§ **RECORD EXTRACTS**:
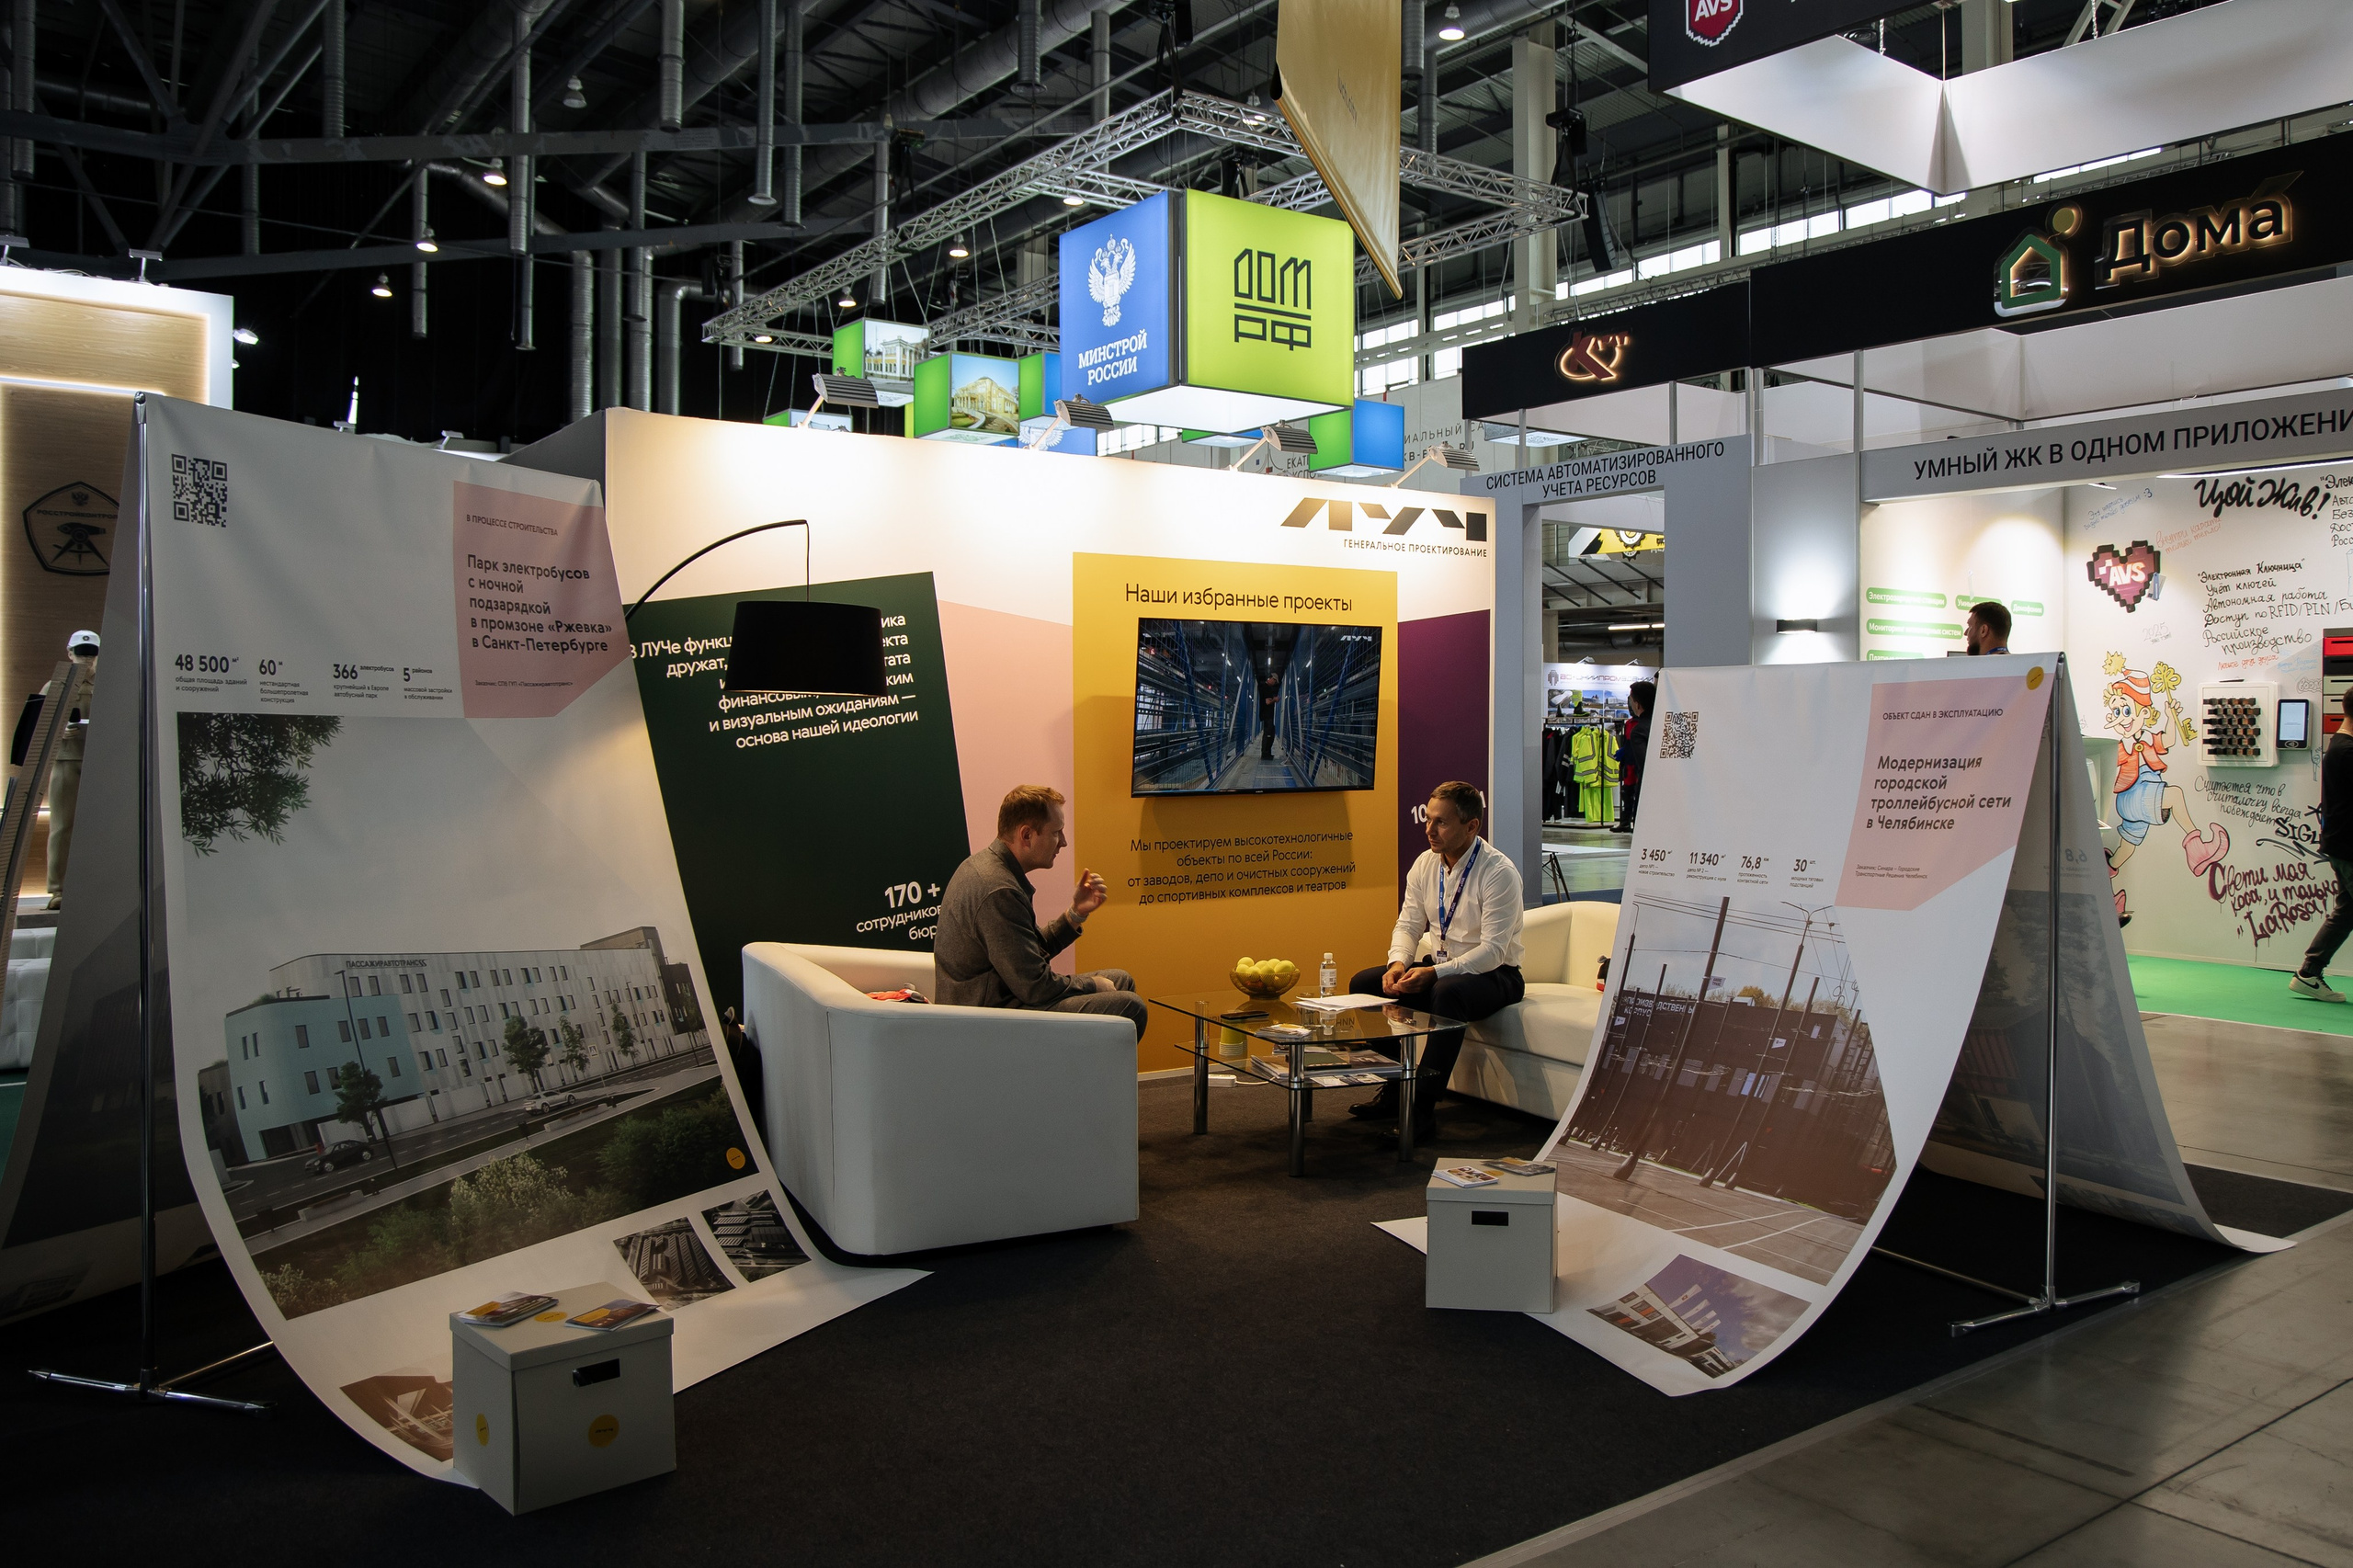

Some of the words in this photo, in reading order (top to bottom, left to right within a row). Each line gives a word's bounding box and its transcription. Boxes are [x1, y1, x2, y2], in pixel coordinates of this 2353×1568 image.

[1694, 0, 1733, 22] AVS
[2108, 199, 2286, 277] Дома
[1234, 248, 1312, 310] ДОМ
[1234, 313, 1312, 351] РФ
[1078, 328, 1148, 369] МИНСТРОЙ
[1087, 356, 1138, 386] РОССИИ
[1486, 468, 1545, 490] СИСТЕМА
[1547, 441, 1724, 481] АВТОМАТИЗИРОВАННОГО
[1914, 448, 1998, 481] УМНЫЙ
[2004, 445, 2043, 470] ЖК
[2049, 443, 2064, 464] В
[2070, 430, 2165, 463] ОДНОМ
[1541, 479, 1583, 499] УЧЕТА
[1586, 470, 1656, 494] РЕСУРСОВ
[2193, 476, 2256, 518] Цой
[2256, 477, 2331, 520] Жив!
[466, 514, 471, 522] В
[472, 515, 507, 528] ПРОЦЕССЕ
[508, 520, 559, 537] СТРОИТЕЛЬСТВА
[1343, 539, 1406, 552] ГЕНЕРАЛЬНОЕ
[1408, 542, 1488, 558] ПРОЕКТИРОВАНИЕ
[467, 553, 499, 574] Парк
[502, 561, 590, 583] электробусов
[2109, 562, 2146, 587] AVS
[468, 576, 475, 588] с
[478, 578, 524, 594] ночной
[2235, 577, 2278, 590] ключей
[469, 597, 551, 615] подзарядкой
[1125, 583, 1177, 605] Наши
[1183, 587, 1279, 611] избранные
[1283, 595, 1353, 614] проекты
[471, 617, 477, 629] в
[481, 617, 544, 633] промзоне
[548, 619, 612, 634] «Ржевка»
[472, 637, 479, 648] в
[482, 634, 608, 654] Санкт-Петербурге
[640, 639, 682, 658] ЛУЧе
[175, 653, 194, 672] 48
[199, 654, 230, 674] 500
[258, 658, 277, 676] 60
[333, 663, 358, 680] 366
[665, 657, 728, 678] дружат,
[403, 667, 411, 683] 5
[709, 721, 720, 733] и
[722, 706, 813, 731] визуальным
[814, 694, 900, 717] ожиданиям
[1882, 711, 1909, 721] ОБЪЕКТ
[1910, 710, 1931, 720] СДАН
[1932, 710, 1938, 719] В
[1938, 708, 2004, 720] ЭКСПЛУАТАЦИЮ
[735, 730, 790, 749] основа
[791, 720, 840, 741] нашей
[842, 710, 919, 733] идеологии
[1877, 755, 1983, 773] Модернизация
[1873, 775, 1948, 793] городской
[1870, 793, 1975, 813] троллейбусной
[1978, 796, 2011, 809] сети
[1866, 818, 1873, 829] в
[1877, 814, 1955, 830] Челябинске
[1130, 838, 1151, 852] Мы
[1154, 836, 1233, 852] проектируем
[1234, 831, 1354, 846] высокотехнологичные
[1176, 854, 1225, 867] объекты
[1228, 854, 1242, 864] по
[1245, 849, 1270, 863] всей
[1272, 848, 1313, 862] России:
[1641, 848, 1648, 860] 3
[1649, 848, 1666, 862] 450
[1689, 851, 1699, 865] 11
[1699, 852, 1720, 867] 340
[1741, 855, 1762, 871] 76,8
[1793, 858, 1808, 872] 30
[1127, 876, 1141, 888] от
[1143, 872, 1193, 887] заводов,
[1195, 870, 1224, 885] депо
[1227, 871, 1234, 881] и
[1236, 868, 1289, 881] очистных
[1290, 862, 1356, 878] сооружений
[884, 881, 923, 909] 170
[1138, 893, 1154, 906] до
[1156, 889, 1227, 904] спортивных
[1228, 884, 1294, 898] комплексов
[1296, 884, 1304, 893] и
[1305, 880, 1347, 894] театров

§ **TASK GOAL**: Your task is to repeat the material above exactly, without its pictures.

§ **EXERCISE SOLUTION**:
Some of the words in this photo, in reading order (top to bottom, left to right within a row). Each line gives a word's bounding box and its transcription. Boxes are [x1, y1, x2, y2], in pixel coordinates of this 2353×1568 image.

[1694, 0, 1733, 22] AVS
[2108, 199, 2286, 277] Дома
[1234, 248, 1312, 310] ДОМ
[1234, 313, 1312, 351] РФ
[1078, 328, 1148, 369] МИНСТРОЙ
[1087, 356, 1138, 386] РОССИИ
[1486, 468, 1545, 490] СИСТЕМА
[1547, 441, 1724, 481] АВТОМАТИЗИРОВАННОГО
[1914, 448, 1998, 481] УМНЫЙ
[2004, 445, 2043, 470] ЖК
[2049, 443, 2064, 464] В
[2070, 430, 2165, 463] ОДНОМ
[1541, 479, 1583, 499] УЧЕТА
[1586, 470, 1656, 494] РЕСУРСОВ
[2193, 476, 2256, 518] Цой
[2256, 477, 2331, 520] Жив!
[466, 514, 471, 522] В
[472, 515, 507, 528] ПРОЦЕССЕ
[508, 520, 559, 537] СТРОИТЕЛЬСТВА
[1343, 539, 1406, 552] ГЕНЕРАЛЬНОЕ
[1408, 542, 1488, 558] ПРОЕКТИРОВАНИЕ
[467, 553, 499, 574] Парк
[502, 561, 590, 583] электробусов
[2109, 562, 2146, 587] AVS
[468, 576, 475, 588] с
[478, 578, 524, 594] ночной
[2235, 577, 2278, 590] ключей
[469, 597, 551, 615] подзарядкой
[1125, 583, 1177, 605] Наши
[1183, 587, 1279, 611] избранные
[1283, 595, 1353, 614] проекты
[471, 617, 477, 629] в
[481, 617, 544, 633] промзоне
[548, 619, 612, 634] «Ржевка»
[472, 637, 479, 648] в
[482, 634, 608, 654] Санкт-Петербурге
[640, 639, 682, 658] ЛУЧе
[175, 653, 194, 672] 48
[199, 654, 230, 674] 500
[258, 658, 277, 676] 60
[333, 663, 358, 680] 366
[665, 657, 728, 678] дружат,
[403, 667, 411, 683] 5
[709, 721, 720, 733] и
[722, 706, 813, 731] визуальным
[814, 694, 900, 717] ожиданиям
[1882, 711, 1909, 721] ОБЪЕКТ
[1910, 710, 1931, 720] СДАН
[1932, 710, 1938, 719] В
[1938, 708, 2004, 720] ЭКСПЛУАТАЦИЮ
[735, 730, 790, 749] основа
[791, 720, 840, 741] нашей
[842, 710, 919, 733] идеологии
[1877, 755, 1983, 773] Модернизация
[1873, 775, 1948, 793] городской
[1870, 793, 1975, 813] троллейбусной
[1978, 796, 2011, 809] сети
[1866, 818, 1873, 829] в
[1877, 814, 1955, 830] Челябинске
[1130, 838, 1151, 852] Мы
[1154, 836, 1233, 852] проектируем
[1234, 831, 1354, 846] высокотехнологичные
[1176, 854, 1225, 867] объекты
[1228, 854, 1242, 864] по
[1245, 849, 1270, 863] всей
[1272, 848, 1313, 862] России:
[1641, 848, 1648, 860] 3
[1649, 848, 1666, 862] 450
[1689, 851, 1699, 865] 11
[1699, 852, 1720, 867] 340
[1741, 855, 1762, 871] 76,8
[1793, 858, 1808, 872] 30
[1127, 876, 1141, 888] от
[1143, 872, 1193, 887] заводов,
[1195, 870, 1224, 885] депо
[1227, 871, 1234, 881] и
[1236, 868, 1289, 881] очистных
[1290, 862, 1356, 878] сооружений
[884, 881, 923, 909] 170
[1138, 893, 1154, 906] до
[1156, 889, 1227, 904] спортивных
[1228, 884, 1294, 898] комплексов
[1296, 884, 1304, 893] и
[1305, 880, 1347, 894] театров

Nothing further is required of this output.